### WHAT IS NEEDED
In full and word for word, print the data below.

[Stored data entries]
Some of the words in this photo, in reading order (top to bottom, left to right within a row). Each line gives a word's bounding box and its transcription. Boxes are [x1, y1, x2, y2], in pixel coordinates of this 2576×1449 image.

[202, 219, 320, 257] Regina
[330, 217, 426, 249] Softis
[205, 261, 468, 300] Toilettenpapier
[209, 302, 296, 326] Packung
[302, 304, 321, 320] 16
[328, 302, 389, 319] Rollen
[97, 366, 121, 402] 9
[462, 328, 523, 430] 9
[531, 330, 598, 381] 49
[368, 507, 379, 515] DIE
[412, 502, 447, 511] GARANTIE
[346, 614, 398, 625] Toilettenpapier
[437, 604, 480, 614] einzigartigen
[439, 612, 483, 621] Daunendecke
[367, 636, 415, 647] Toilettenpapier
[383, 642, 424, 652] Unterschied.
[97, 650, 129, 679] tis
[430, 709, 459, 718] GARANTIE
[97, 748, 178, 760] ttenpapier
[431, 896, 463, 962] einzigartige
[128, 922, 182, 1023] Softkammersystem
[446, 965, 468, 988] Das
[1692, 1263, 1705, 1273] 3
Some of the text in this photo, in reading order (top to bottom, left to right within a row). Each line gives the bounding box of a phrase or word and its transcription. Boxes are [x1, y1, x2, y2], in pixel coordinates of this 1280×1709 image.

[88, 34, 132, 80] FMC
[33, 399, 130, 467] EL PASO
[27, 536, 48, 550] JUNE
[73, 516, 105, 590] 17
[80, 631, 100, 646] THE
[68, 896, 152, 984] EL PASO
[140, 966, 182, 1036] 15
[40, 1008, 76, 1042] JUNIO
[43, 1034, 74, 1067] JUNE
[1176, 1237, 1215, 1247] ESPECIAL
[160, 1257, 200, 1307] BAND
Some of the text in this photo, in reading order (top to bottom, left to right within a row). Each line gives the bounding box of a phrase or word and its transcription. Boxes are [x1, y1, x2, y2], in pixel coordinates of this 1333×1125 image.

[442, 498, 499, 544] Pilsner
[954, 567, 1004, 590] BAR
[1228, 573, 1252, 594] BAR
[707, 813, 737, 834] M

### SOLUTION TO THIS TASK
Some of the words in this photo, in reading order (top to bottom, left to right within a row). Each line gives a word's bounding box and its transcription. Boxes are [x1, y1, x2, y2], in pixel coordinates of this 2576×1449 image.

[202, 219, 320, 257] Regina
[330, 217, 426, 249] Softis
[205, 261, 468, 300] Toilettenpapier
[209, 302, 296, 326] Packung
[302, 304, 321, 320] 16
[328, 302, 389, 319] Rollen
[97, 366, 121, 402] 9
[462, 328, 523, 430] 9
[531, 330, 598, 381] 49
[368, 507, 379, 515] DIE
[412, 502, 447, 511] GARANTIE
[346, 614, 398, 625] Toilettenpapier
[437, 604, 480, 614] einzigartigen
[439, 612, 483, 621] Daunendecke
[367, 636, 415, 647] Toilettenpapier
[383, 642, 424, 652] Unterschied.
[97, 650, 129, 679] tis
[430, 709, 459, 718] GARANTIE
[97, 748, 178, 760] ttenpapier
[431, 896, 463, 962] einzigartige
[128, 922, 182, 1023] Softkammersystem
[446, 965, 468, 988] Das
[1692, 1263, 1705, 1273] 3
Some of the text in this photo, in reading order (top to bottom, left to right within a row). Each line gives the bounding box of a phrase or word and its transcription. Boxes are [x1, y1, x2, y2], in pixel coordinates of this 1280×1709 image.

[88, 34, 132, 80] FMC
[33, 399, 130, 467] EL PASO
[27, 536, 48, 550] JUNE
[73, 516, 105, 590] 17
[80, 631, 100, 646] THE
[68, 896, 152, 984] EL PASO
[140, 966, 182, 1036] 15
[40, 1008, 76, 1042] JUNIO
[43, 1034, 74, 1067] JUNE
[1176, 1237, 1215, 1247] ESPECIAL
[160, 1257, 200, 1307] BAND
Some of the text in this photo, in reading order (top to bottom, left to right within a row). Each line gives the bounding box of a phrase or word and its transcription. Boxes are [x1, y1, x2, y2], in pixel coordinates of this 1333×1125 image.

[442, 498, 499, 544] Pilsner
[954, 567, 1004, 590] BAR
[1228, 573, 1252, 594] BAR
[707, 813, 737, 834] M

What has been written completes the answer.